Ontario Conservative Leader Tim Hudak wants to apply first aid to the province’s ailing economy and remove Local Health Integration Networks (LHINS) and highly-paid management positions.
“We felt the priority should be patient care,” Hudak said.
The Progressive Conservatives’ white paper on reforming health care, released last week, also takes aim at management positions at Community Care Access Centres (CCAC).
“Administration costs $800 million for LHINs and CCACs,” Hudak said in a telephone interview with the Advertiser. “They’re too big.”
There are 14 LHINS and CCACS across the province.
The Conservative leader singled out the Waterloo Wellington LHIN amid reports the organization, which oversees an annual budget of $970 million, failed to meet many of its objectives.
“Ontario Health Minister Deb Matthews is defending a $1 billion health care agency that’s missing most of its performance targets,” Hudak said.
“The Waterloo Wellington LHIN is currently failing to meet 12 of 15 goals established under provincial directive. It failed 11 of 14 targets last year.”
Targets missed included emergency room delays and diagnostic scan wait times, Hudak said.
LHIN CEO Bruce Laukner declined direct comment on Hudak’s proposals because the LHIN is a crown corporation.
“I can’t comment on political platforms or statements,” Laukner said. However, he said targets set by the LHIN and pointed out by Hudak measure different services.
According to Laukner, wait times for many services have improved even though they haven’t met specific targets. Those services are provided by hospitals under the jurisdiction of the local LHIN that might find it difficult to meet targets set by the network.
Laukner said many of the services are for non-emergency situations, with emergency services considered a priority. As an example, Laukner said cardiac surgery wait times have been reduced since the LHIN took over, from 146 to 33 days.
Prior to the establishment of the LHINS, provincial health care funding was given directly to hospital boards and management, but there was no integration of services in a service area. That is changing, Laukner said.

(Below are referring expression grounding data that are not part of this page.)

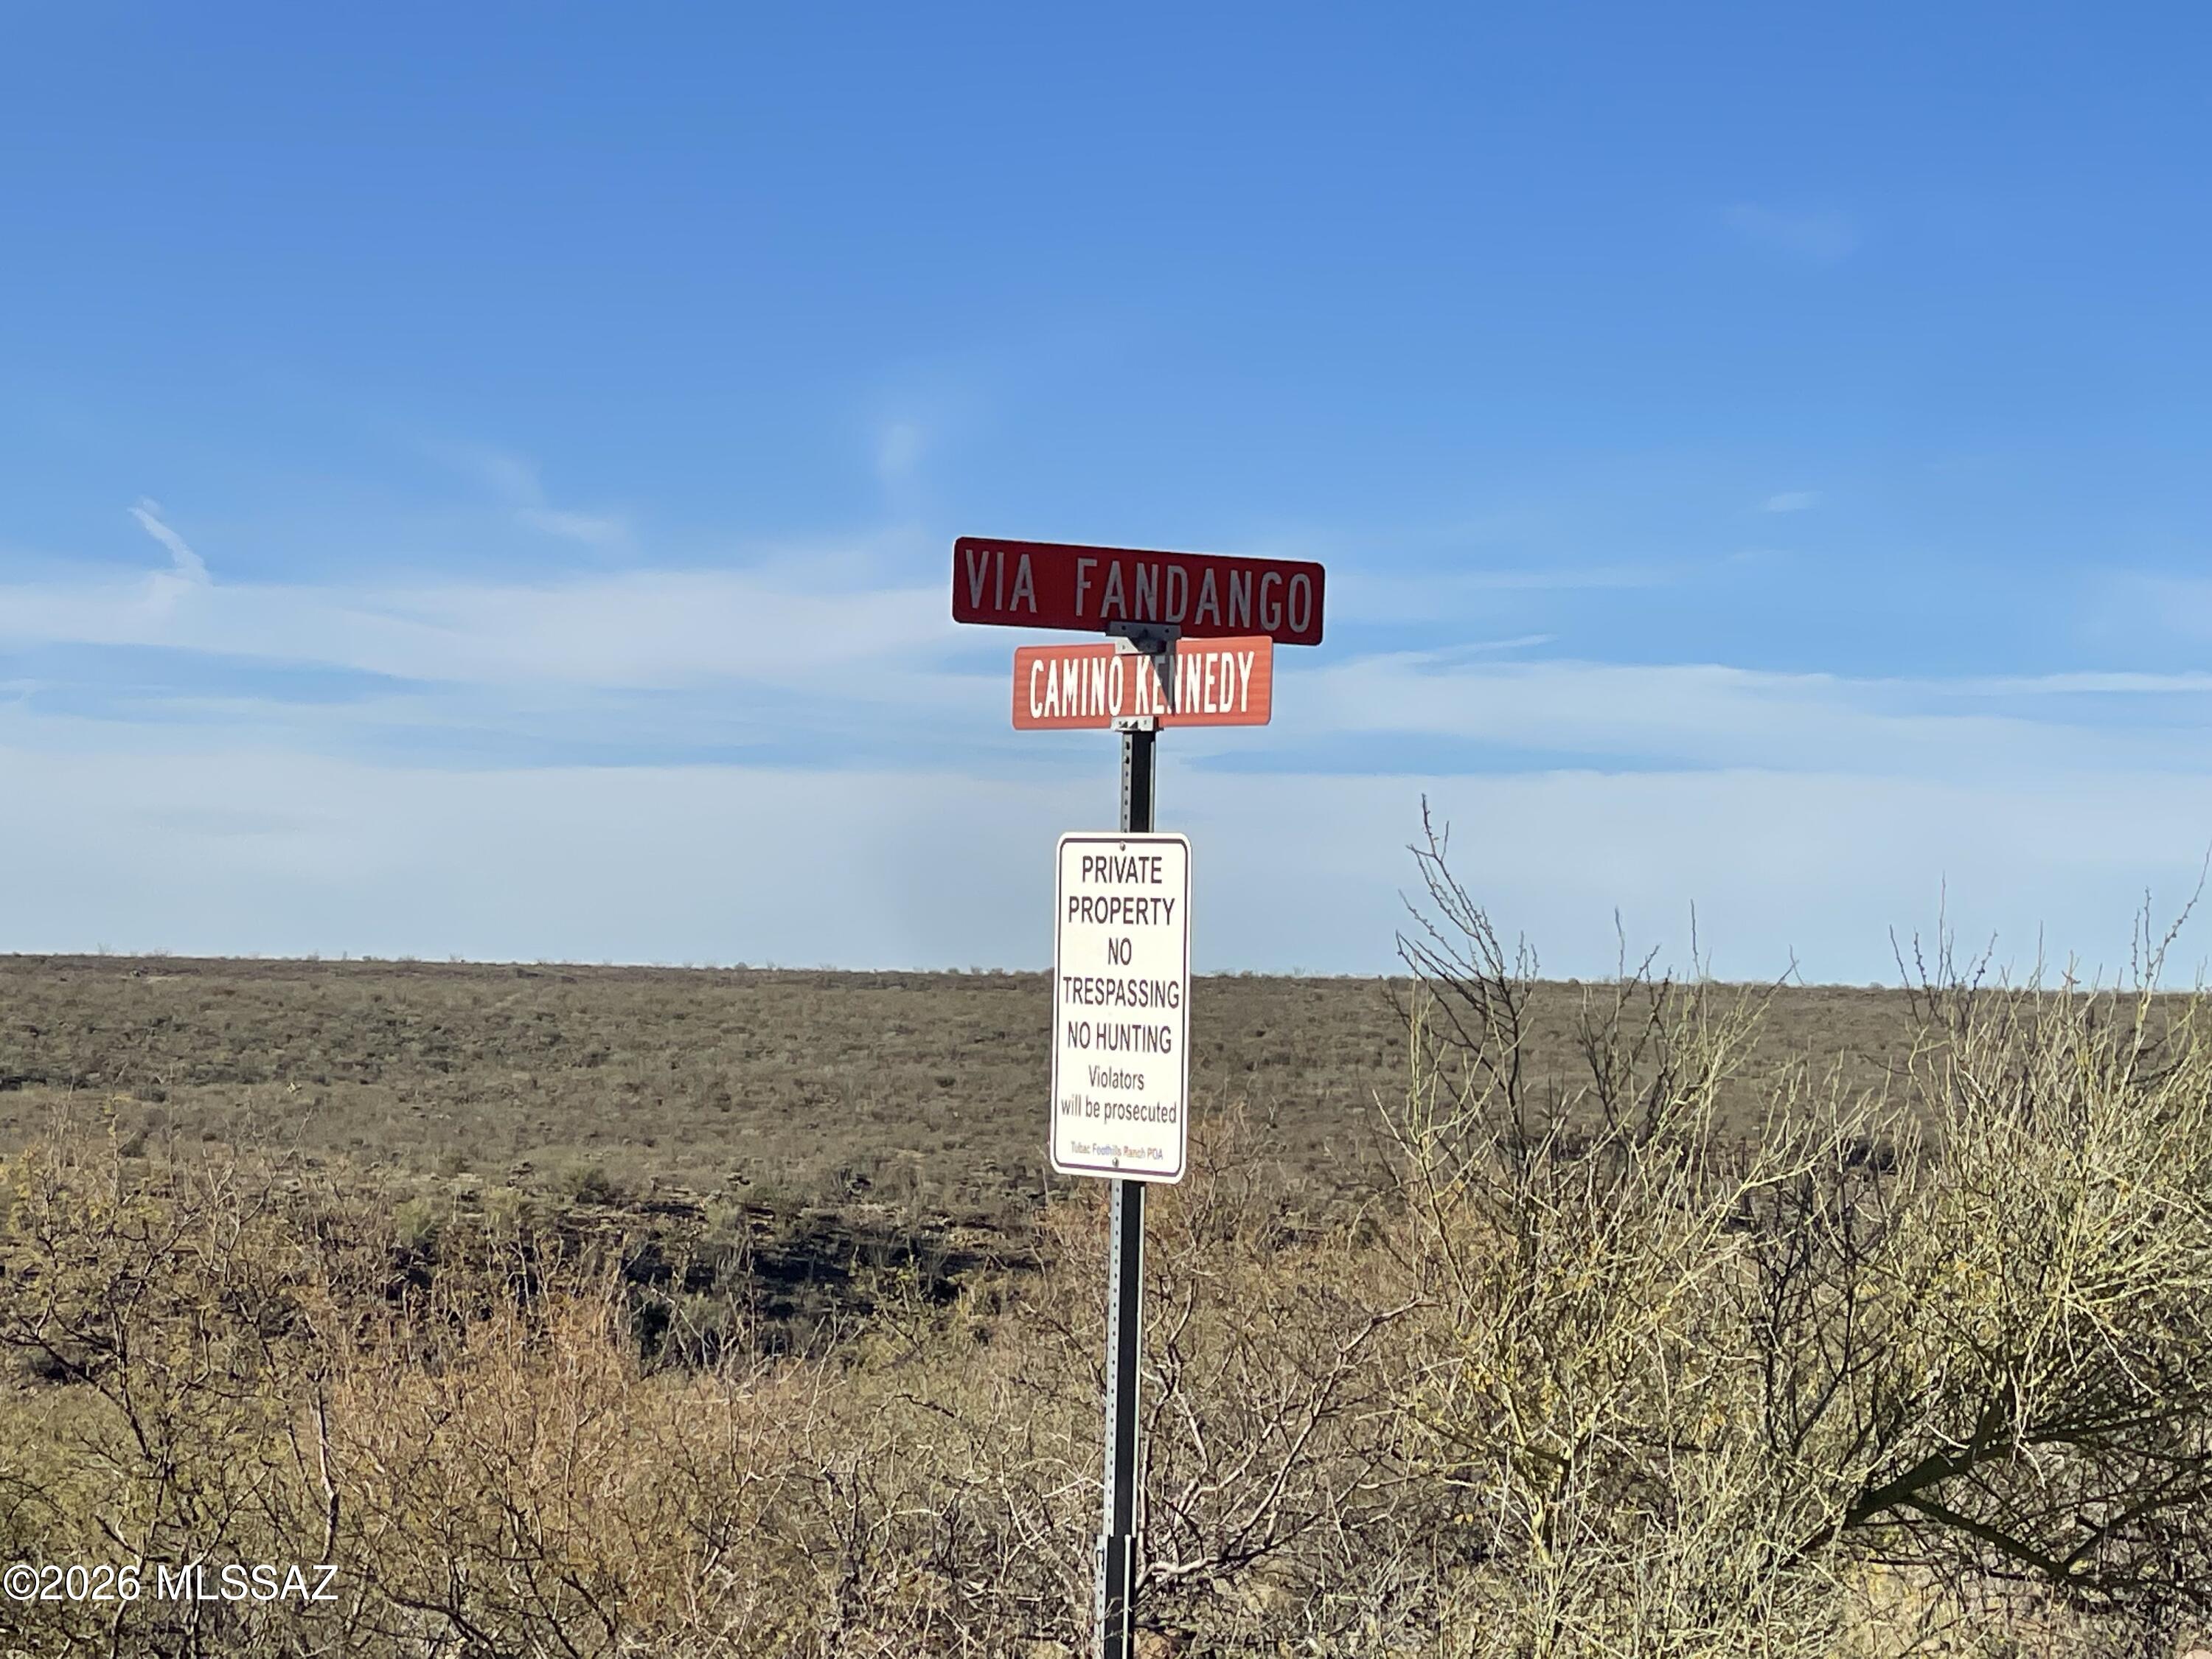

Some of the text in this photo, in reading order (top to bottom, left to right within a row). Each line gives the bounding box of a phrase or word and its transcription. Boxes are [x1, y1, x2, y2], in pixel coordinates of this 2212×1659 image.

[965, 549, 1312, 633] VIA FANDANGO
[1030, 651, 1255, 719] CAMINO KENNEDY
[1082, 855, 1163, 884] PRIVATE
[1068, 896, 1175, 925] PROPERTY
[1107, 937, 1132, 965] NO
[1062, 976, 1180, 1009] TRESPASSING
[1068, 1020, 1172, 1054] NO HUNTING
[1088, 1065, 1144, 1091] Violators
[1061, 1093, 1177, 1125] will be prosecuted

“Better health systems are integrated,” he added.
The Conservatives are proposing a return to the way hospitals functioned prior to the creation of LHINS around 2007, using volunteer hospital boards and medical professionals available to the boards.

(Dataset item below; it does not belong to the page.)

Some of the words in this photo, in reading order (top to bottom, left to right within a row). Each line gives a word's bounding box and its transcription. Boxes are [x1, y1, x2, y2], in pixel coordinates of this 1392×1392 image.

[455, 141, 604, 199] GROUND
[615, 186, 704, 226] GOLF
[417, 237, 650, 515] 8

“We need to build on what works,” Hudak said.
“That means recognizing that Local Health Integration Networks have failed to integrate care, and building off existing infrastructure and capacity. We propose to do this by putting health hubs – run by volunteer, skills-based boards and linked to regional hospitals – in charge of local planning, funding and service.”
The reforms, said Hudak, would be implemented through input from volunteers and professionals in local health care.
“Let’s review the facts,” Hudak added, citing annual performance reports on the 14 LHINS released in July. “Every one of them failed to attain most provincially-set targets. The numbers are dismal, adding up to a 77 per cent failure rate across the entire network.
“We need to break down silos like LHINS and CCACs, clearing away the separate layers patients now have to deal with, and giving them access to a seamless array of services in their regions,” he said.
“To continue tinkering with the system is like shoring up a foundation with a two-by-four. It may hang for a while, but it’s bound to collapse.”
“We also need to remember that our health care system is for providing care, not for creating or sustaining well-paid managerial jobs for its own sake … especially when the system can be managed so much better through long overdue and sensible reforms.”